Work instruction: The data below is to be written out exactly, with no pictures.

Records for the task:
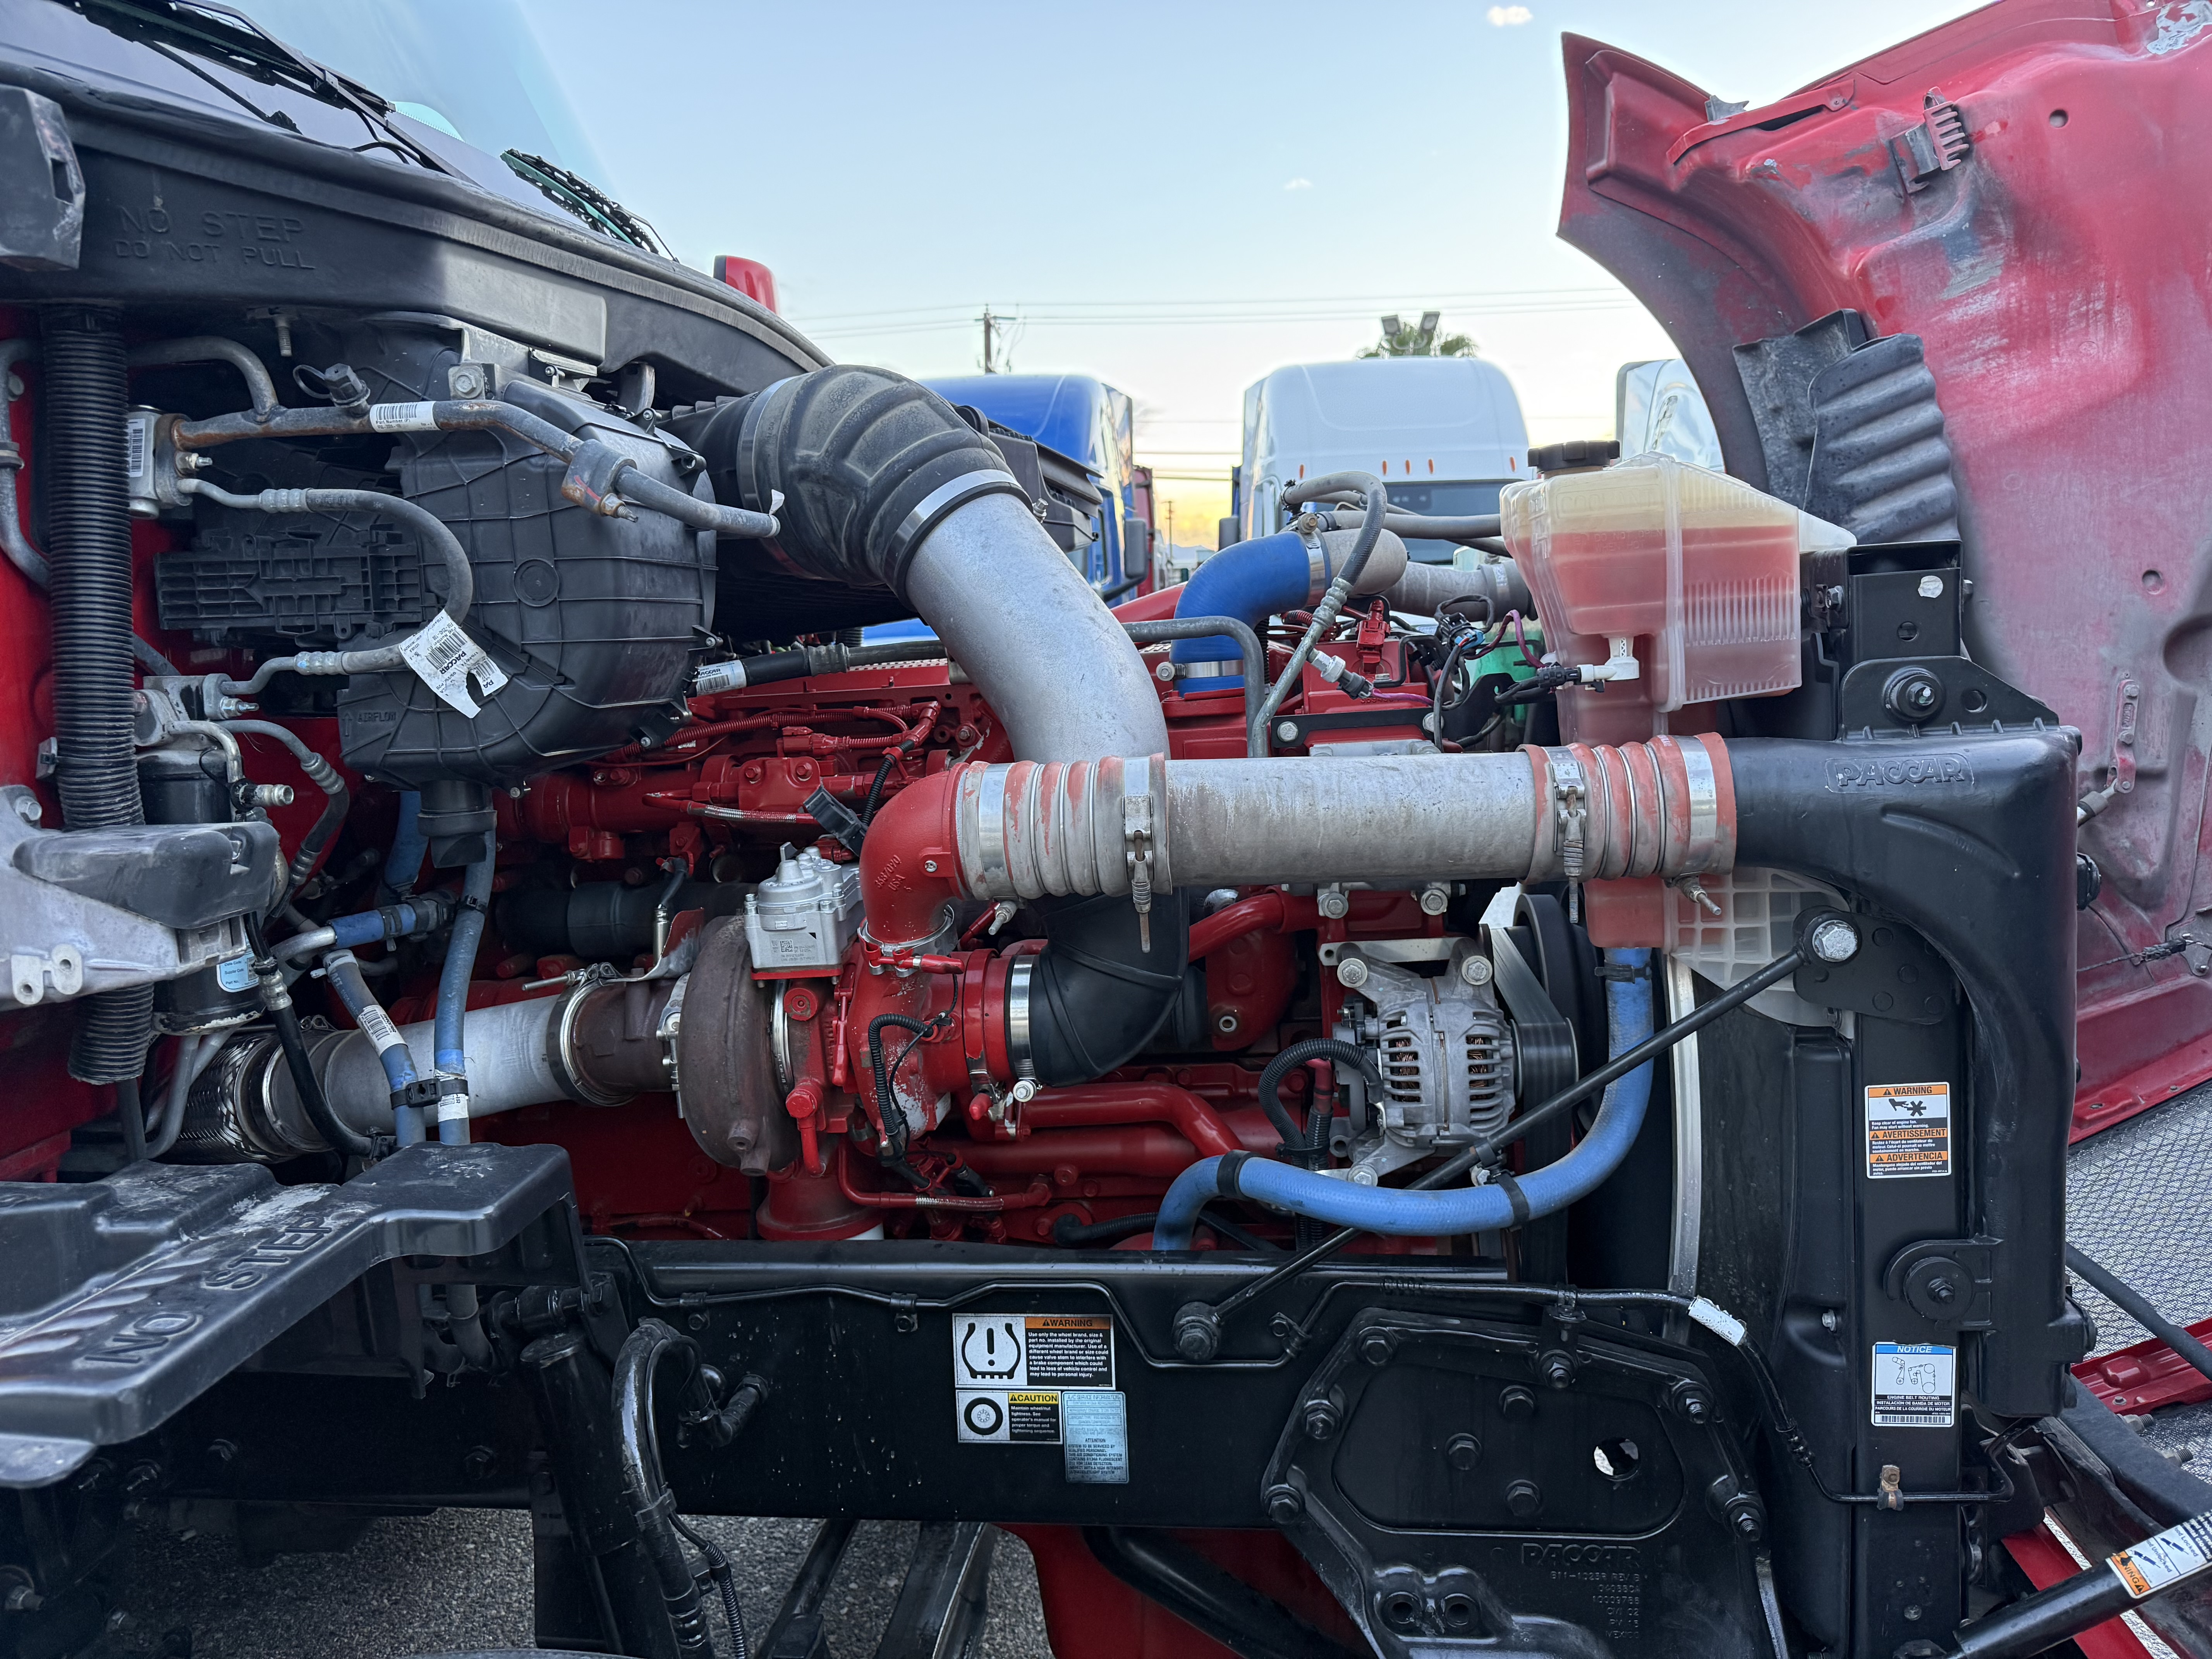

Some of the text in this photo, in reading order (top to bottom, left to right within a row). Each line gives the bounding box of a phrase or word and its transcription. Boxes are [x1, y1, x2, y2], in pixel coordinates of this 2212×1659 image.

[120, 205, 304, 243] NO STEP
[117, 240, 316, 270] DO NOT PULL
[1561, 491, 1657, 514] COOLANT
[439, 650, 467, 675] PACCAR
[358, 712, 397, 722] AIRFLOW
[1835, 757, 1965, 787] PACCAR
[888, 875, 905, 890] USA
[1894, 1086, 1932, 1095] WARNING
[1882, 1129, 1946, 1138] AVERTISSEMENT
[1887, 1152, 1942, 1161] ADVERTENCIA
[84, 1214, 333, 1364] NO STEP
[2181, 1536, 2199, 1557] Locked
[2152, 1545, 2172, 1572] Unlocked

Reply:
Some of the text in this photo, in reading order (top to bottom, left to right within a row). Each line gives the bounding box of a phrase or word and its transcription. Boxes are [x1, y1, x2, y2], in pixel coordinates of this 2212×1659 image.

[120, 205, 304, 243] NO STEP
[117, 240, 316, 270] DO NOT PULL
[1561, 491, 1657, 514] COOLANT
[439, 650, 467, 675] PACCAR
[358, 712, 397, 722] AIRFLOW
[1835, 757, 1965, 787] PACCAR
[888, 875, 905, 890] USA
[1894, 1086, 1932, 1095] WARNING
[1882, 1129, 1946, 1138] AVERTISSEMENT
[1887, 1152, 1942, 1161] ADVERTENCIA
[84, 1214, 333, 1364] NO STEP
[2181, 1536, 2199, 1557] Locked
[2152, 1545, 2172, 1572] Unlocked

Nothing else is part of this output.